#### Requirement:
Give every entry again precisely as it appears.
..............................
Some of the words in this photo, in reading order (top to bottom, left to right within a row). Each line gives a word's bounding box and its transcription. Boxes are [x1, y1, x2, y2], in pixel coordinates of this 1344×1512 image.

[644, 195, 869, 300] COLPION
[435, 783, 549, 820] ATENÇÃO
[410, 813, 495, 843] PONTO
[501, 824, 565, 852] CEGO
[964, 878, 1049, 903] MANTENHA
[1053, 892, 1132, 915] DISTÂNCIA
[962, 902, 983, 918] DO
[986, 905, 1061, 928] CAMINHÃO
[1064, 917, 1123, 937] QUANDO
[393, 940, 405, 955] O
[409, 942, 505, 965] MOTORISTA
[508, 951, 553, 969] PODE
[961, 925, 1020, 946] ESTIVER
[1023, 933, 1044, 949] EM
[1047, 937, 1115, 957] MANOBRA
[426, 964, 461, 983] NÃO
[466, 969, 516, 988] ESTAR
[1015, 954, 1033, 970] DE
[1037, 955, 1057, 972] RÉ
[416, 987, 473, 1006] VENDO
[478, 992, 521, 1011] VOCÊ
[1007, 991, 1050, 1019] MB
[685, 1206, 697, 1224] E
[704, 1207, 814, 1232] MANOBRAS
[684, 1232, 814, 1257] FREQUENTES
..............................
#### Output for this exercise:
Some of the words in this photo, in reading order (top to bottom, left to right within a row). Each line gives a word's bounding box and its transcription. Boxes are [x1, y1, x2, y2], in pixel coordinates of this 1344×1512 image.

[644, 195, 869, 300] COLPION
[435, 783, 549, 820] ATENÇÃO
[410, 813, 495, 843] PONTO
[501, 824, 565, 852] CEGO
[964, 878, 1049, 903] MANTENHA
[1053, 892, 1132, 915] DISTÂNCIA
[962, 902, 983, 918] DO
[986, 905, 1061, 928] CAMINHÃO
[1064, 917, 1123, 937] QUANDO
[393, 940, 405, 955] O
[409, 942, 505, 965] MOTORISTA
[508, 951, 553, 969] PODE
[961, 925, 1020, 946] ESTIVER
[1023, 933, 1044, 949] EM
[1047, 937, 1115, 957] MANOBRA
[426, 964, 461, 983] NÃO
[466, 969, 516, 988] ESTAR
[1015, 954, 1033, 970] DE
[1037, 955, 1057, 972] RÉ
[416, 987, 473, 1006] VENDO
[478, 992, 521, 1011] VOCÊ
[1007, 991, 1050, 1019] MB
[685, 1206, 697, 1224] E
[704, 1207, 814, 1232] MANOBRAS
[684, 1232, 814, 1257] FREQUENTES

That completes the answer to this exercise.